##### Records for the task

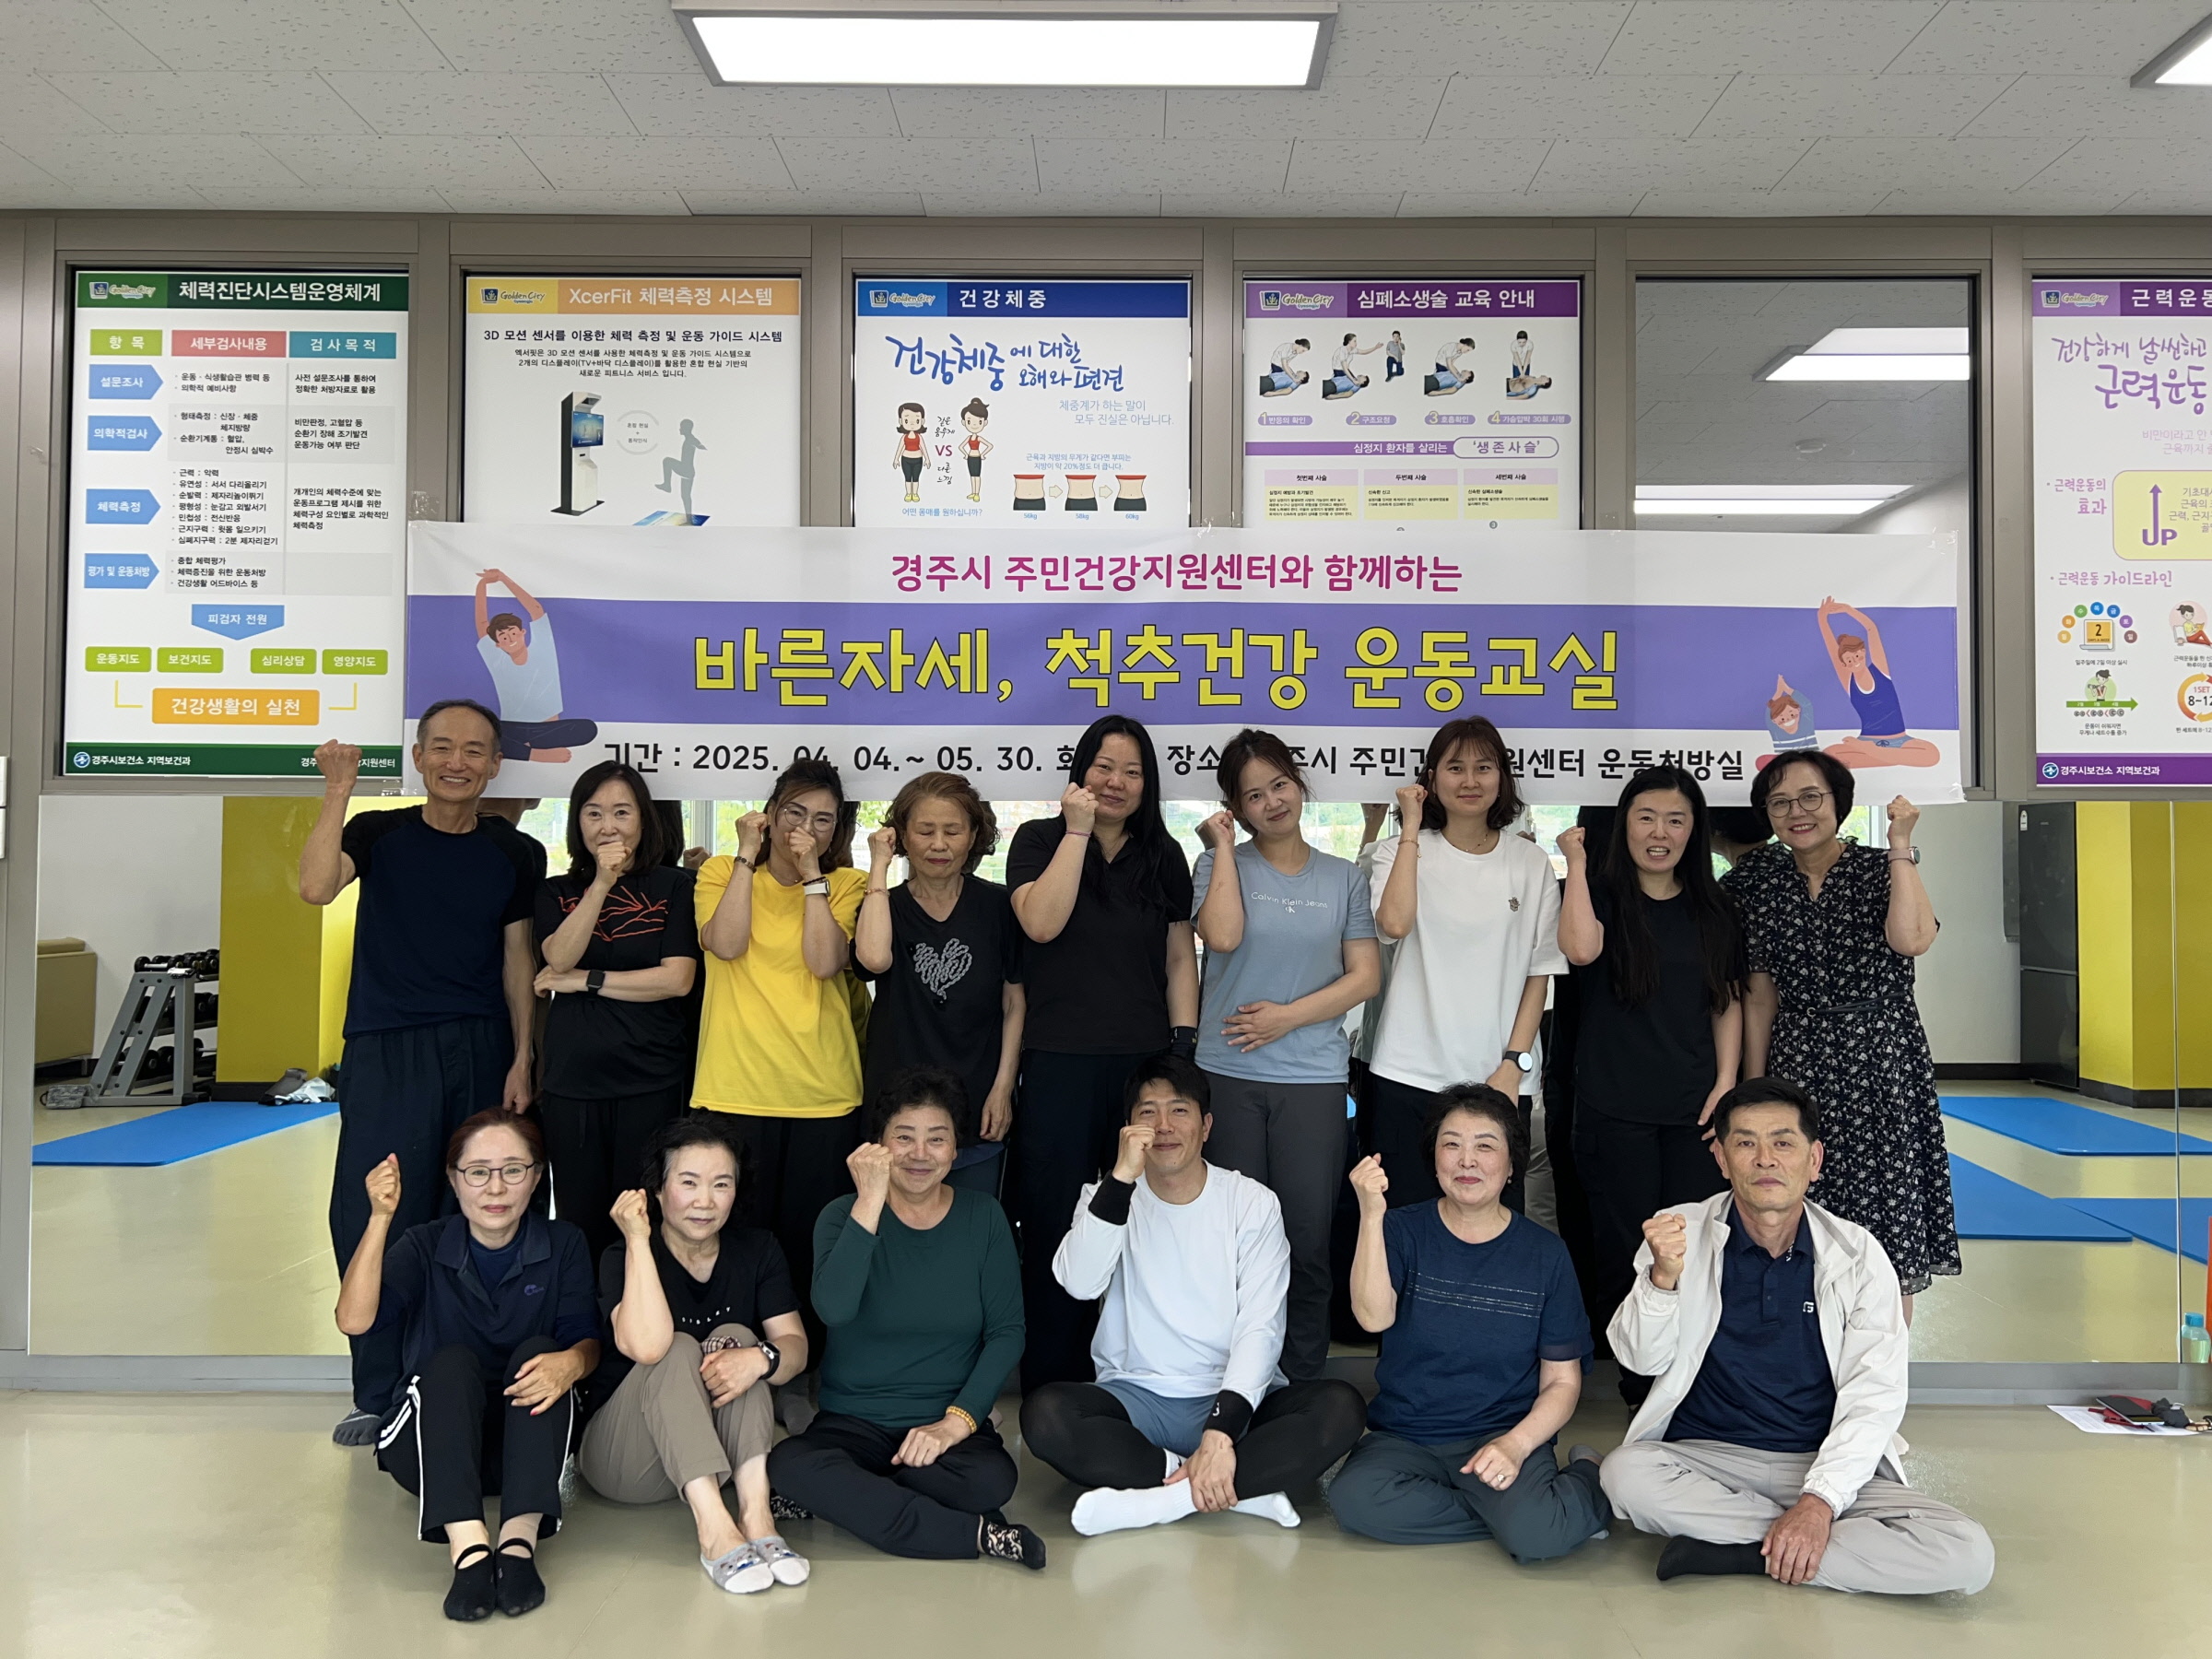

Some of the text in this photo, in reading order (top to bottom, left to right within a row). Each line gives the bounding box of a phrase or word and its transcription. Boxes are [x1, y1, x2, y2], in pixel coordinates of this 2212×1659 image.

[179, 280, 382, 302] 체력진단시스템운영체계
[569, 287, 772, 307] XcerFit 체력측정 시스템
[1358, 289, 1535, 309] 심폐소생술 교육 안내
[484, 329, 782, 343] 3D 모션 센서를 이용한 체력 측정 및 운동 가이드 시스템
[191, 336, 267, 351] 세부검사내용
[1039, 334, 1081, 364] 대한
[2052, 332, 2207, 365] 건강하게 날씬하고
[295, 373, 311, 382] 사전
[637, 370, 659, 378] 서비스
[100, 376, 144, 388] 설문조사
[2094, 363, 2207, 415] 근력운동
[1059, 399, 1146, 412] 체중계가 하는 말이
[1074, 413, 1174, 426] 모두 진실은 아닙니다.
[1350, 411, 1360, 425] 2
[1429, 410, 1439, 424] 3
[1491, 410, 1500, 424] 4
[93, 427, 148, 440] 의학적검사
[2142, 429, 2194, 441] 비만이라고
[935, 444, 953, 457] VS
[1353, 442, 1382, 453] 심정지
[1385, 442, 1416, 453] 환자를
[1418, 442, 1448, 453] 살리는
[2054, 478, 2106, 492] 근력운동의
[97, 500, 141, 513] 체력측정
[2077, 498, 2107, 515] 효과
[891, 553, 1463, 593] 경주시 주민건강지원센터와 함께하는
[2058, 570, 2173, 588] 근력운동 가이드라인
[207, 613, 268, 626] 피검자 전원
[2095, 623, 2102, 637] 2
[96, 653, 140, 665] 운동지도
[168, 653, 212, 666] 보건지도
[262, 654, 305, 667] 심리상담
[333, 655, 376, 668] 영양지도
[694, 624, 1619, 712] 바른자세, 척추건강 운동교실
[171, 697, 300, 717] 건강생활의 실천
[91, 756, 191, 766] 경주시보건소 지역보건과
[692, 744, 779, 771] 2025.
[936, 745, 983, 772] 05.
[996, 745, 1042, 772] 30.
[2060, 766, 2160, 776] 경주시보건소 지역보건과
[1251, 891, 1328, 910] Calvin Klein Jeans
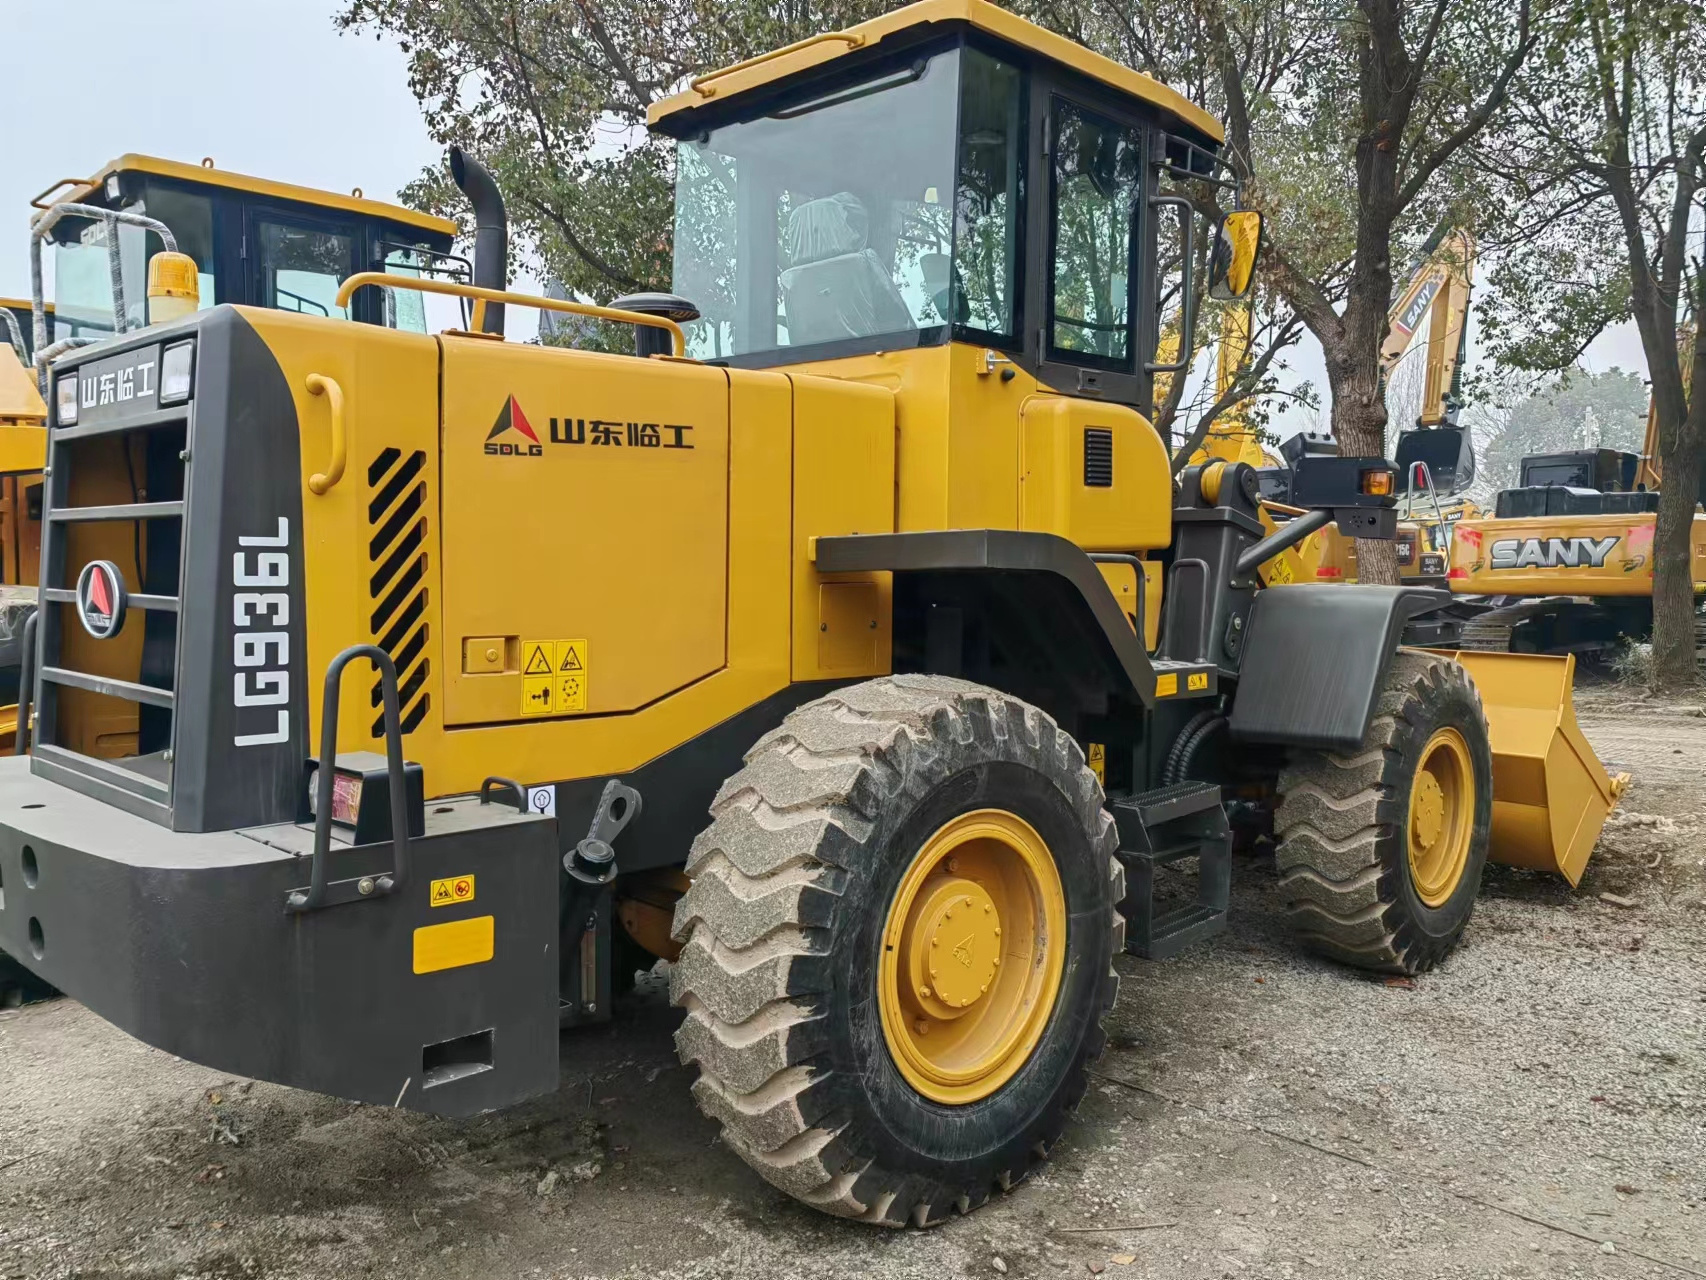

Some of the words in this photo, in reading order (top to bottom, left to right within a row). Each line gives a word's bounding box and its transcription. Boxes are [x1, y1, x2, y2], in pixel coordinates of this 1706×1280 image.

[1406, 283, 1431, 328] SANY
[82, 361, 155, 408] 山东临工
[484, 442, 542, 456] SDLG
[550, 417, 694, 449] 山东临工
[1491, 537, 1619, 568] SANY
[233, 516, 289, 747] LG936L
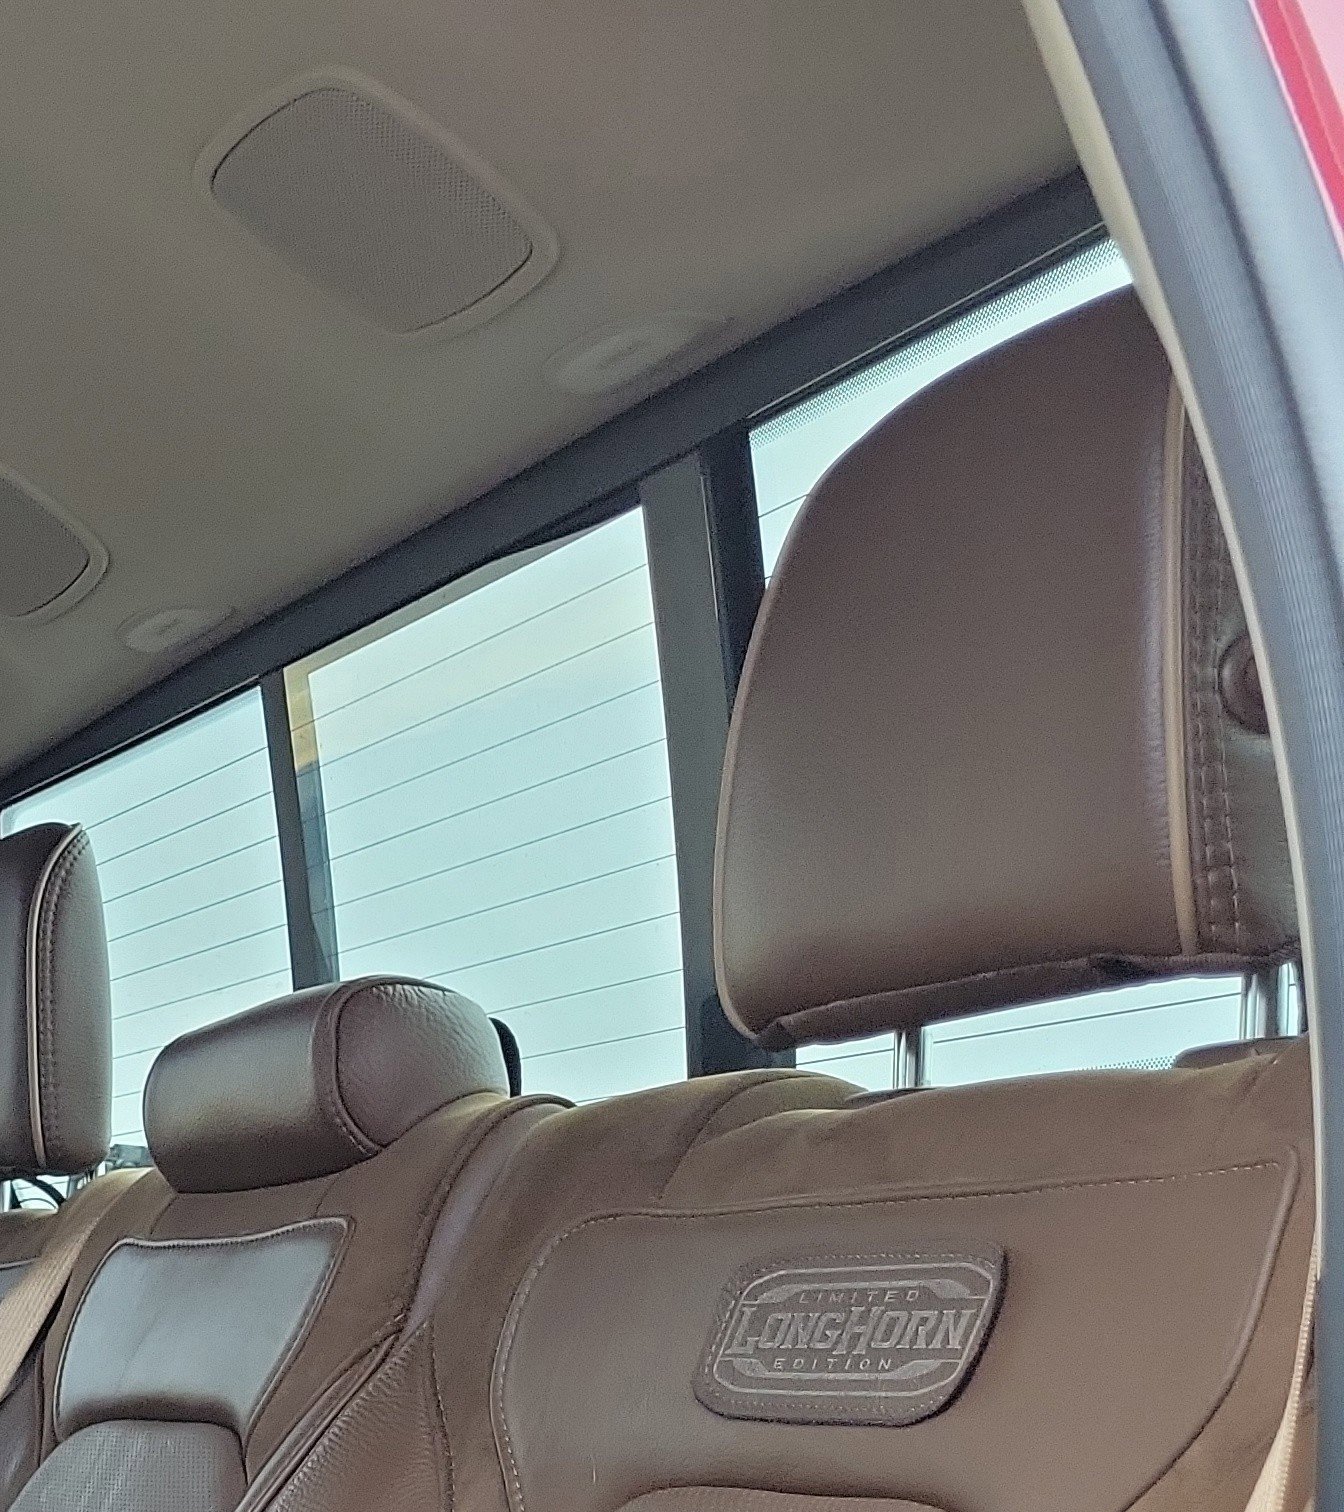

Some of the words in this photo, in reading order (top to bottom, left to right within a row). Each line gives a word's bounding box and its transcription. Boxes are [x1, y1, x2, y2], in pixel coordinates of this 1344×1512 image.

##########

Aim of the task → Each line above is to be copied exactly, and the pictures are to be dropped.

Output of the exercise →
Some of the text in this photo, in reading order (top to bottom, left to right within a row). Each line gives the bounding box of a phrase or word and its transcription. Boxes are [x1, y1, x2, y2], in pixel coordinates of this 2212×1659 image.

[179, 280, 382, 302] 체력진단시스템운영체계
[569, 287, 772, 307] XcerFit 체력측정 시스템
[1358, 289, 1535, 309] 심폐소생술 교육 안내
[484, 329, 782, 343] 3D 모션 센서를 이용한 체력 측정 및 운동 가이드 시스템
[191, 336, 267, 351] 세부검사내용
[1039, 334, 1081, 364] 대한
[2052, 332, 2207, 365] 건강하게 날씬하고
[295, 373, 311, 382] 사전
[637, 370, 659, 378] 서비스
[100, 376, 144, 388] 설문조사
[2094, 363, 2207, 415] 근력운동
[1059, 399, 1146, 412] 체중계가 하는 말이
[1074, 413, 1174, 426] 모두 진실은 아닙니다.
[1350, 411, 1360, 425] 2
[1429, 410, 1439, 424] 3
[1491, 410, 1500, 424] 4
[93, 427, 148, 440] 의학적검사
[2142, 429, 2194, 441] 비만이라고
[935, 444, 953, 457] VS
[1353, 442, 1382, 453] 심정지
[1385, 442, 1416, 453] 환자를
[1418, 442, 1448, 453] 살리는
[2054, 478, 2106, 492] 근력운동의
[97, 500, 141, 513] 체력측정
[2077, 498, 2107, 515] 효과
[891, 553, 1463, 593] 경주시 주민건강지원센터와 함께하는
[2058, 570, 2173, 588] 근력운동 가이드라인
[207, 613, 268, 626] 피검자 전원
[2095, 623, 2102, 637] 2
[96, 653, 140, 665] 운동지도
[168, 653, 212, 666] 보건지도
[262, 654, 305, 667] 심리상담
[333, 655, 376, 668] 영양지도
[694, 624, 1619, 712] 바른자세, 척추건강 운동교실
[171, 697, 300, 717] 건강생활의 실천
[91, 756, 191, 766] 경주시보건소 지역보건과
[692, 744, 779, 771] 2025.
[936, 745, 983, 772] 05.
[996, 745, 1042, 772] 30.
[2060, 766, 2160, 776] 경주시보건소 지역보건과
[1251, 891, 1328, 910] Calvin Klein Jeans

Some of the words in this photo, in reading order (top to bottom, left to right within a row). Each line gives a word's bounding box and its transcription. Boxes are [x1, y1, x2, y2], in pixel coordinates of this 1706×1280 image.

[1406, 283, 1431, 328] SANY
[82, 361, 155, 408] 山东临工
[484, 442, 542, 456] SDLG
[550, 417, 694, 449] 山东临工
[1491, 537, 1619, 568] SANY
[233, 516, 289, 747] LG936L

Some of the words in this photo, in reading order (top to bottom, left to right within a row). Each line gives a word's bounding box and its transcription. Boxes are [x1, y1, x2, y2], in pixel coordinates of this 1344×1512 image.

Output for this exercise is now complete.